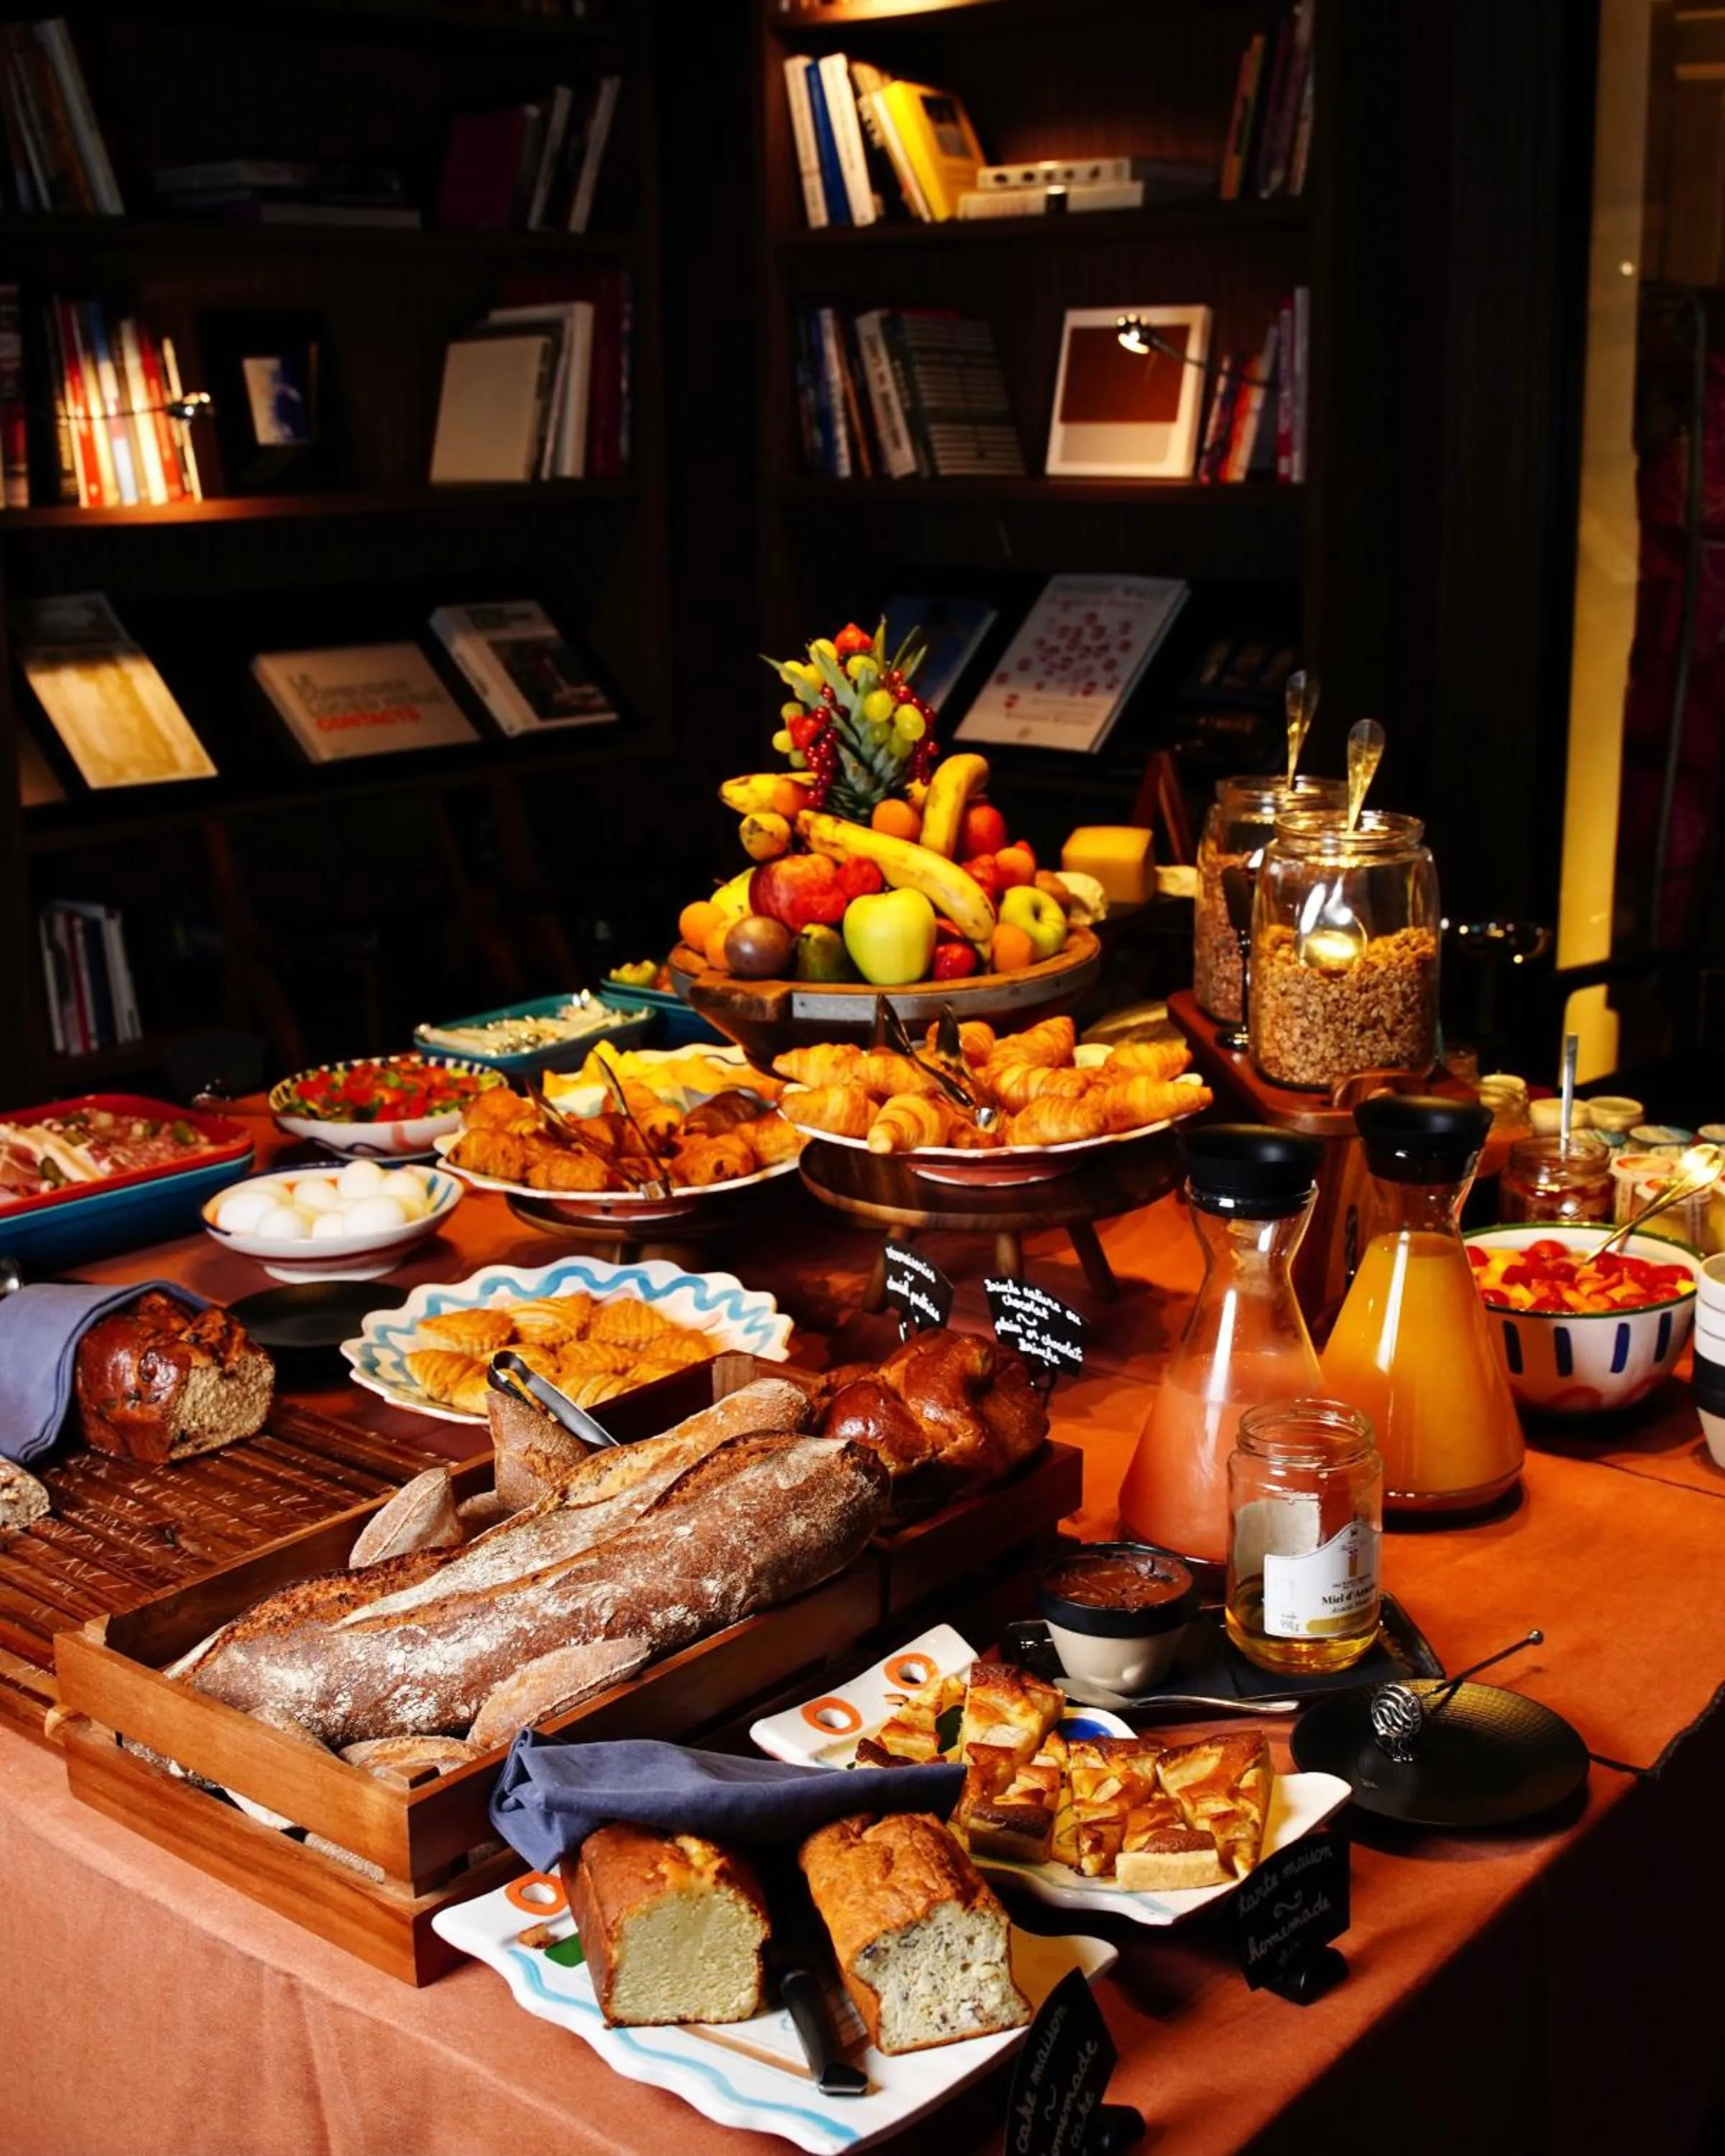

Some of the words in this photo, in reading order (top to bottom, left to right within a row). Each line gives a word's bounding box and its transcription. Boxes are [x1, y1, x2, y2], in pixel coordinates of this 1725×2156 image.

[1321, 1593, 1344, 1605] Miel
[1238, 1871, 1279, 1919] tarte
[1282, 1845, 1333, 1879] maison
[1247, 1890, 1331, 1966] homemade
[1015, 2089, 1038, 2154] cake
[1029, 2003, 1069, 2087] maison
[1039, 2039, 1099, 2156] omemade
[1070, 2090, 1095, 2150] cake

==========

— Assigned task —
Would it be possible to give the material above again exactly, with the pictures left out?

— Problem solution —
Some of the words in this photo, in reading order (top to bottom, left to right within a row). Each line gives a word's bounding box and its transcription. Boxes are [x1, y1, x2, y2], in pixel coordinates of this 1725×2156 image.

[1321, 1593, 1344, 1605] Miel
[1238, 1871, 1279, 1919] tarte
[1282, 1845, 1333, 1879] maison
[1247, 1890, 1331, 1966] homemade
[1015, 2089, 1038, 2154] cake
[1029, 2003, 1069, 2087] maison
[1039, 2039, 1099, 2156] omemade
[1070, 2090, 1095, 2150] cake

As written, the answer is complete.